1. KAPITEL
Als sie in die Ankunftshalle des Fiji Nadi Airport kam, stieß Della Wilton einen glücklichen Seufzer aus. Obwohl sie zu einem Arbeitsurlaub hier war, schienen sich ihre Probleme schlagartig aufgelöst zu haben, sobald sie über die Metalltreppe vom Flugzeug auf den glühend heißen Asphalt getreten war.
Della hievte ihren übervollen Koffer auf einen Flughafen-Trolley, wobei sie sich den großen Zeh anstieß. Schmerzlich verzog sie das Gesicht, doch nicht einmal ein geprellter Zeh konnte ihrer guten Stimmung etwas anhaben. Zwei ganze Wochen voller Sonnenschein, Seminaren und Operationen am Pacific Health Hospital auf Viti Levu, der Hauptinsel der Fidschi-Inseln, lagen vor ihr. Genau der richtige Auftrieb, den sie nach der dreieinhalbjährigen Flaute seit ihrer Scheidung brauchte.
Sobald sie all ihre Gepäckstücke sicher verstaut hatte, schob sie den Trolley zum Ausgang, wobei sie bereits vom Schnorcheln an den Korallenriffen im glasklaren Meer und Hängematten zwischen Kokospalmen träumte. Von früheren Ferien mit ihrer Familie, aber auch von ihren unseligen Flitterwochen zu Beginn ihrer dreijährigen Ehe wusste Della, dass sich vor dem Flughafengebäude ein Taxistand befand. Doch schon nach zwei Schritten in diese Richtung kam ihr schwer beladener Trolley unvermittelt zum Stehen, weil seine Rollen blockierten. Da ihr Oberkörper dabei gegen den Griff prallte, schnappte sie einen Moment lang nach Luft. Typisch, dass sie ausgerechnet den miesesten Trolley erwischt hatte. Verärgert zerrte sie den Wagen rückwärts, in der Hoffnung, die Rollen auf diese Weise wieder in Gang zu bekommen. Jedoch vergeblich.

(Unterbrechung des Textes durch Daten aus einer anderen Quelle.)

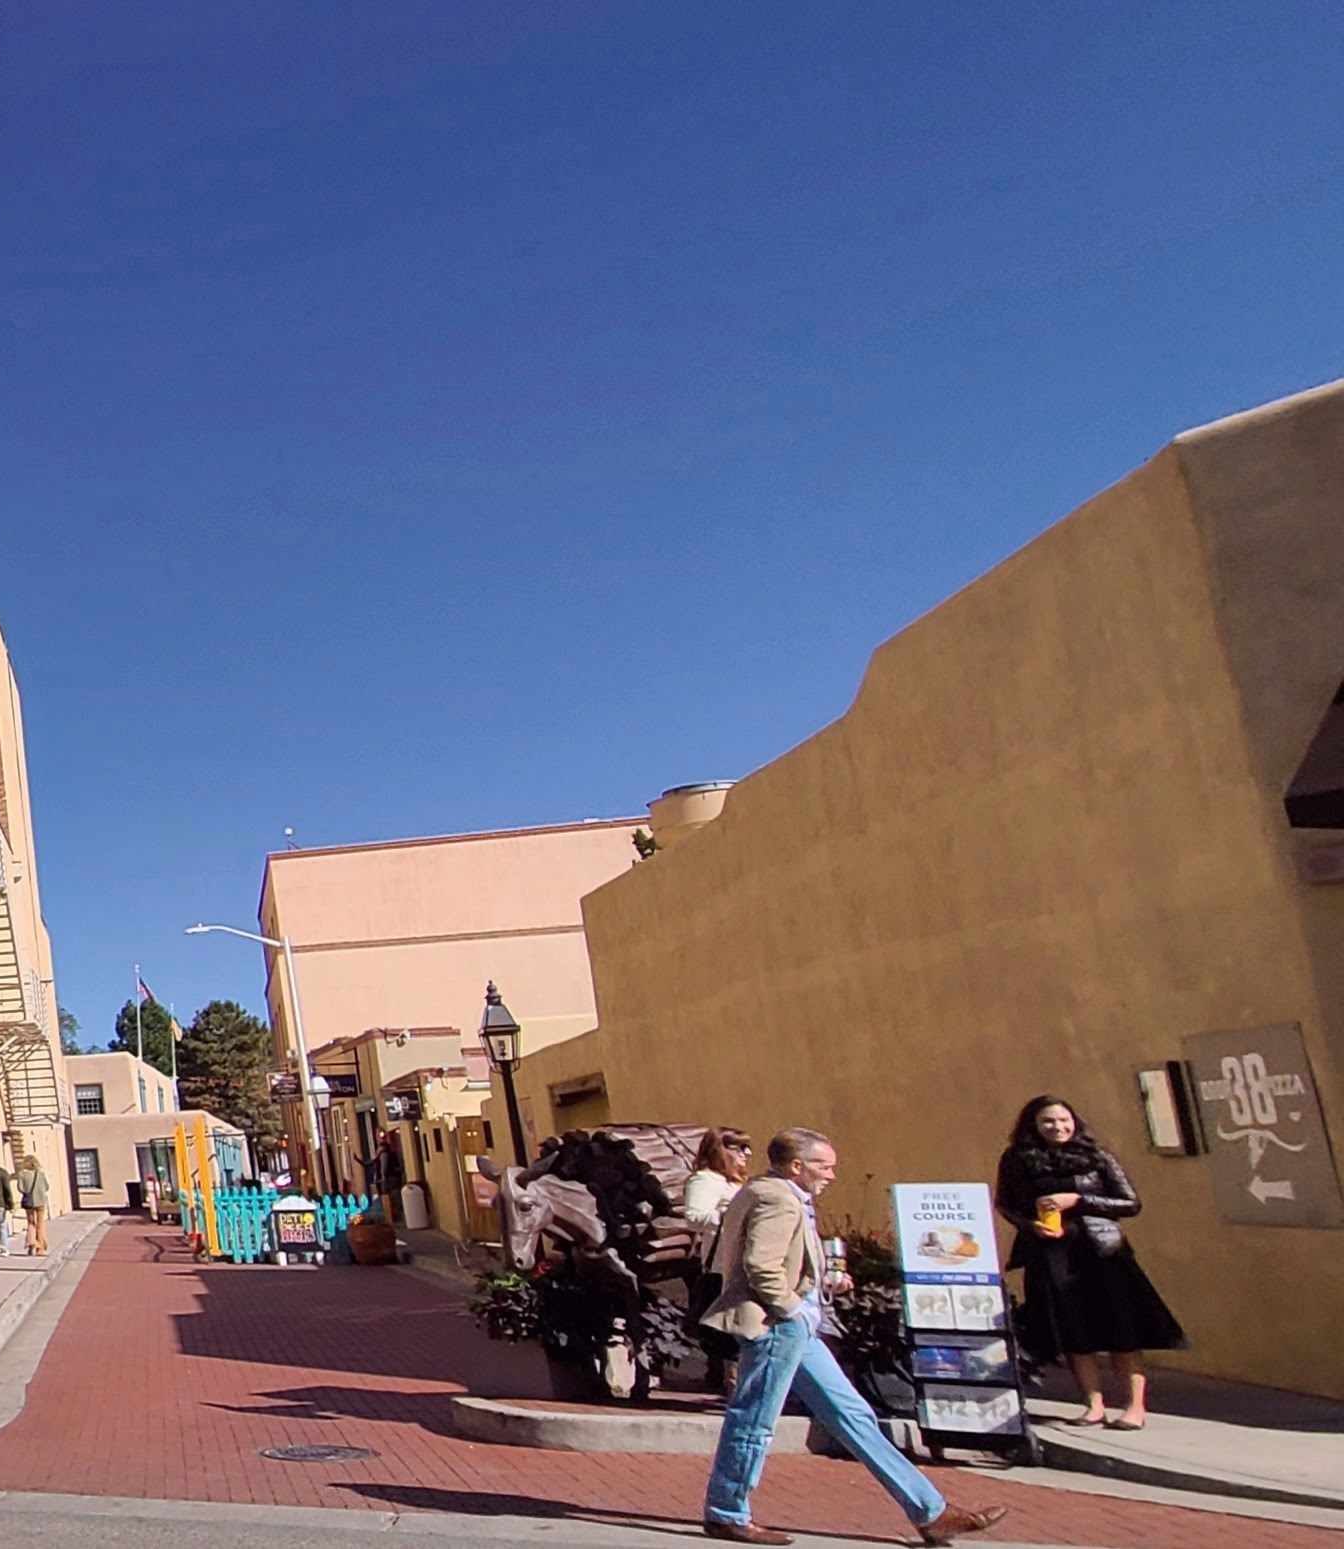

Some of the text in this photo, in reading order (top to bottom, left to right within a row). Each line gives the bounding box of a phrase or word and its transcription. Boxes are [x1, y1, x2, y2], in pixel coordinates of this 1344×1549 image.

[922, 1191, 960, 1201] FREE
[920, 1202, 964, 1211] BIBLE
[912, 1211, 976, 1221] COURSE

Erneut blieb der Trolley abrupt stehen, wodurch ihr Bordcase mit lautem Getöse herunterfiel. Della bückte sich danach, um ihn aufzuheben. Ihr Nacken fühlte sich bereits verschwitzt an, sowohl von der feuchten Hitze als auch von dem Kampf mit ihrem Gepäck. Entnervt richtete sie sich wieder auf . und sah sich plötzlich der Person gegenüber, die sie zuallerletzt auf Fidschi erwartet hätte: Harvey Ward.
"Della .", meinte er gedehnt, wobei ein belustigtes Lächeln seine Mundwinkel umspielte. Mit einem argwöhnischen Ausdruck musterte er ihren großen Koffer, als wäre dieser voll von Sexspielzeugen, Pralinen und Tequila - die bedauernswerte Überlebensausrüstung einer Single-Frau. "Hat dir noch keiner erklärt, wie man mit leichtem Gepäck reist?"

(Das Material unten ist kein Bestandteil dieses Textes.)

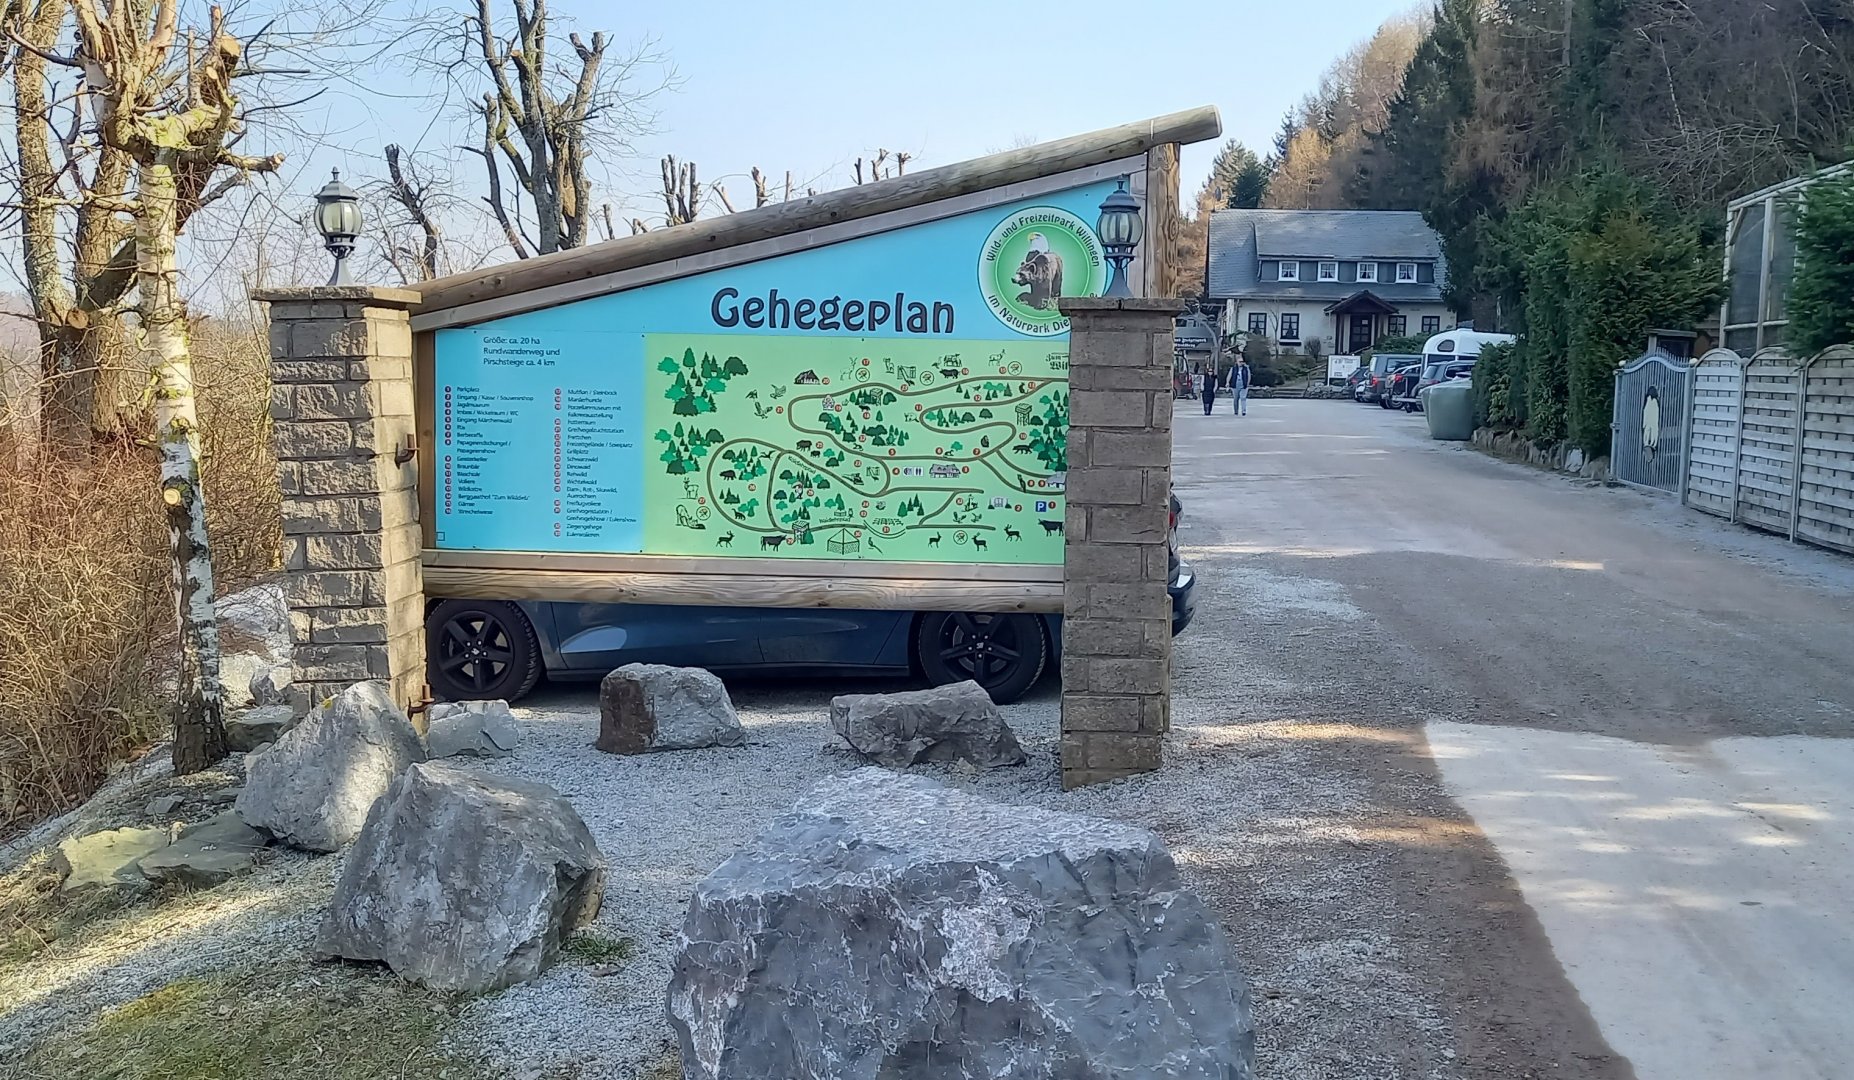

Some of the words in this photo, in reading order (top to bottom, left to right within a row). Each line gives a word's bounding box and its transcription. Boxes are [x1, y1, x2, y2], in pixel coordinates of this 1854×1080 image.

[986, 238, 1002, 261] Wild-
[1002, 222, 1018, 237] und
[1018, 214, 1075, 230] Freizeitpark
[1076, 226, 1099, 266] Willingen
[711, 287, 954, 334] Gehegeplan
[999, 308, 1050, 332] Naturpark
[1053, 318, 1071, 331] Die
[483, 348, 544, 357] Rundwanderweg
[483, 358, 524, 367] Pirschsteige

Ehe Della auch nur ein Wort sagen konnte, drückte Harvey ihr einen Kuss auf die Wange. Sprachlos blieb ihr der Mund offen stehen, während der ungewohnte Kontakt augenblicklich und völlig unpassenderweise erotische Gefühle in ihr auslöste, die ihre Nervenfasern zu elektrisieren schienen. So etwas hatte Harvey noch nie getan. Ihre übliche Begrüßung bestand in einem widerstrebenden Zunicken oder einem knappen "Hallo".
"Was in aller Welt tust du denn hier?", fuhr sie ihn an. Dabei ließ sie die höfliche Gleichgültigkeit fallen, die sie ihm gegenüber sonst zeigte. Er war kein Freund, auch wenn sie sich schon seit vielen Jahren kannten. Aber auch kein wirklicher Feind, obwohl er als der erfahrenere Unfallchirurg Della ihren Traumjob in Melbourne vor der Nase weggeschnappt hatte. Und ganz sicher kein Lover - abgesehen von jener einen unbesonnenen Nacht, nachdem sie vor drei Jahren ihre Scheidungsurkunde erhalten hatte. Weil sie sich beschämt und zurückgewiesen fühlte, hatte sie an dem Abend zu viel Roséwein getrunken und vorübergehend den Verstand verloren.
Wie aufs Stichwort erinnerte sie sich daran, wie es gewesen war, nackt in seinen starken Armen zu liegen. Ein einziges Mal hatte sie mit Harvey Sex gehabt und konnte es noch immer nicht vergessen.
"Freut mich auch, dich zu sehen." Er lachte, bevor er mit aufreizender Gelassenheit an Della vorbeiging, um einen neuen Trolley zu nehmen, der offenbar perfekt funktionierende Rollen besaß.
Diesem blöden Kerl gelang eben einfach alles. Wie konnte er so cool, entspannt und sexy in den legeren Leinenshorts und dem Poloshirt aussehen, die seine Sonnenbräune und seinen schlanken, athletischen Körperbau betonten, wohingegen Della dringend duschen musste. Vorzugsweise möglichst kalt.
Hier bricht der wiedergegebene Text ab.